**Working data**
──────
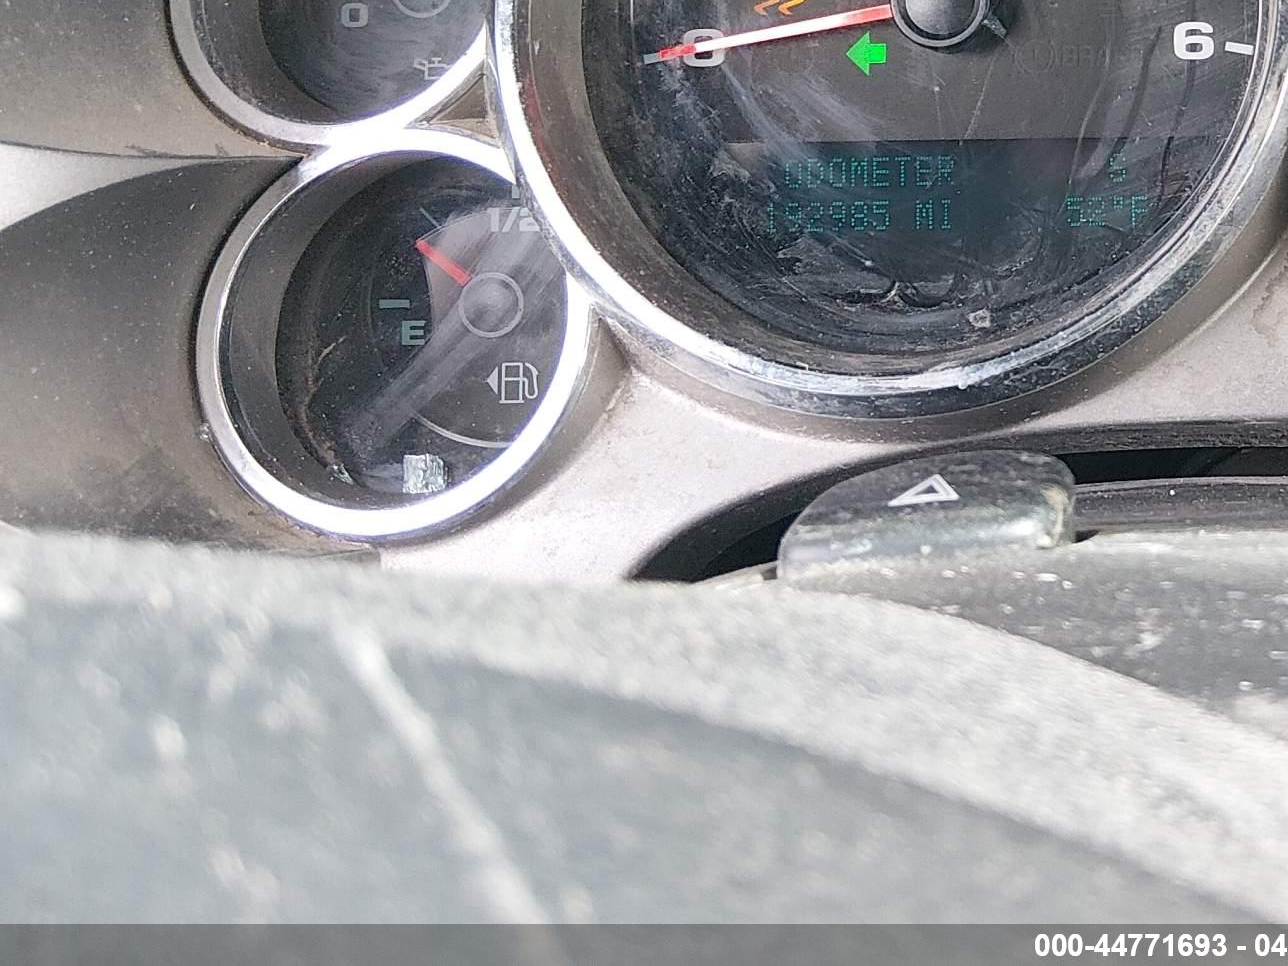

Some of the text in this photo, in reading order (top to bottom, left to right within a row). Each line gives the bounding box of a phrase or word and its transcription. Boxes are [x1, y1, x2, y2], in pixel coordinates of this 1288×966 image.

[341, 3, 369, 28] 0
[683, 28, 725, 67] 0
[1173, 21, 1214, 60] 6
[785, 157, 955, 188] ODOMETER
[915, 199, 951, 230] MI
[401, 320, 426, 345] E
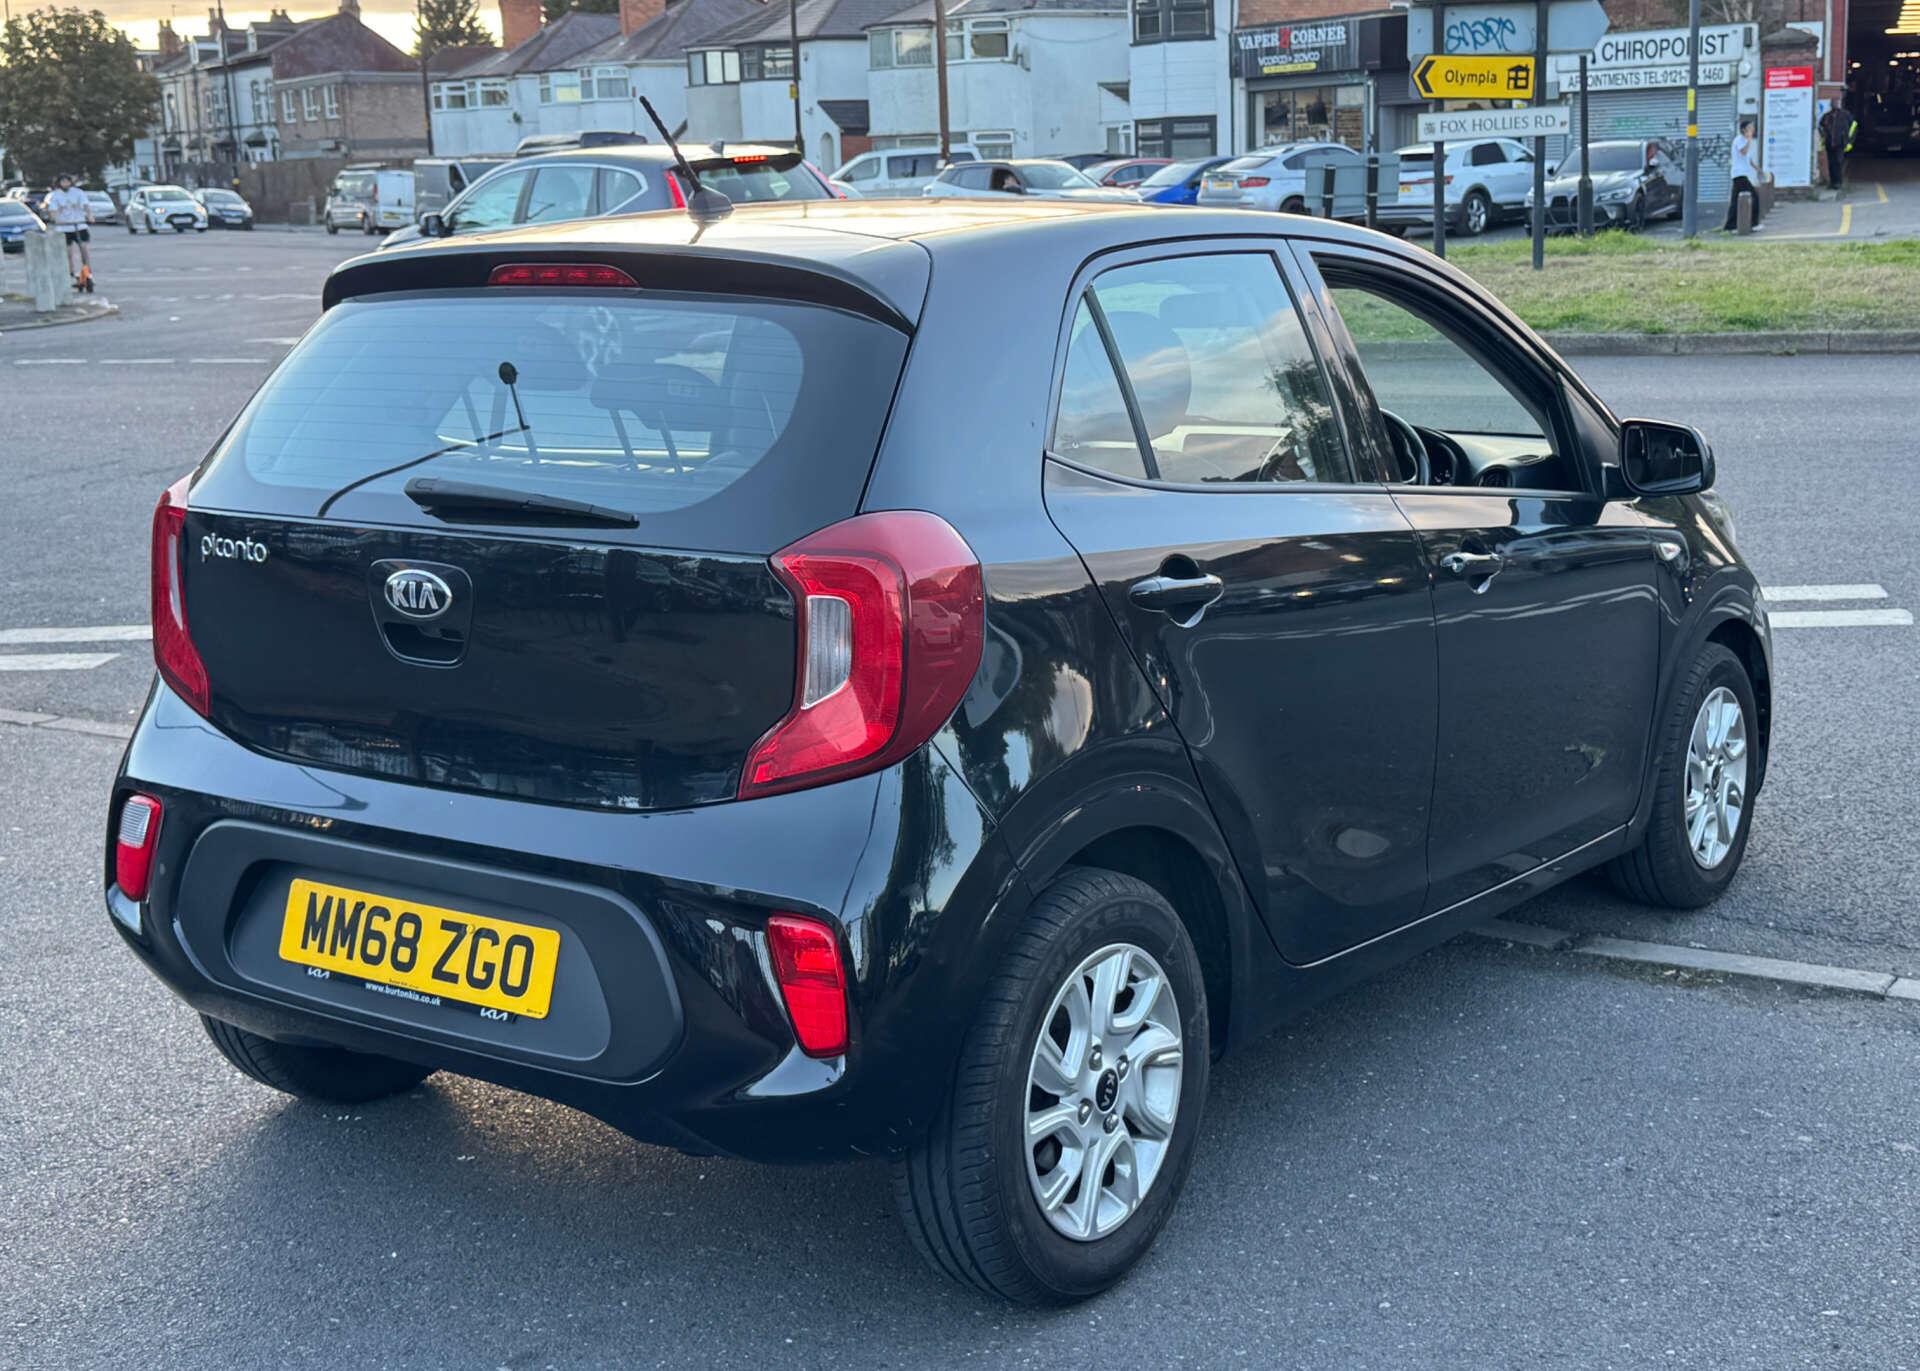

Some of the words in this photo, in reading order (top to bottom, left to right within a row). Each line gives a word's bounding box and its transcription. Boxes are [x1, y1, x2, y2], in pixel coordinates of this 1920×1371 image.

[1290, 25, 1346, 44] CORNER
[1445, 69, 1497, 86] Olympia
[1440, 119, 1467, 133] FOX
[1472, 115, 1529, 132] HOLLIES
[1534, 114, 1556, 129] RD
[201, 532, 268, 563] picanto
[390, 579, 439, 610] KIA
[301, 891, 423, 974] MM68
[431, 918, 535, 998] ZGO
[364, 981, 441, 1007] www.burtonkia.co.uk
──────
**Problem to work on**
Give back each line above verbatim, dropping every picture.

**Result of this exercise**
Some of the text in this photo, in reading order (top to bottom, left to right within a row). Each line gives the bounding box of a phrase or word and its transcription. Boxes are [x1, y1, x2, y2], in pixel coordinates of this 1288×966 image.

[341, 3, 369, 28] 0
[683, 28, 725, 67] 0
[1173, 21, 1214, 60] 6
[785, 157, 955, 188] ODOMETER
[915, 199, 951, 230] MI
[401, 320, 426, 345] E

Some of the words in this photo, in reading order (top to bottom, left to right within a row). Each line gives a word's bounding box and its transcription. Boxes are [x1, y1, x2, y2], in pixel coordinates of this 1920×1371 image.

[1290, 25, 1346, 44] CORNER
[1445, 69, 1497, 86] Olympia
[1440, 119, 1467, 133] FOX
[1472, 115, 1529, 132] HOLLIES
[1534, 114, 1556, 129] RD
[201, 532, 268, 563] picanto
[390, 579, 439, 610] KIA
[301, 891, 423, 974] MM68
[431, 918, 535, 998] ZGO
[364, 981, 441, 1007] www.burtonkia.co.uk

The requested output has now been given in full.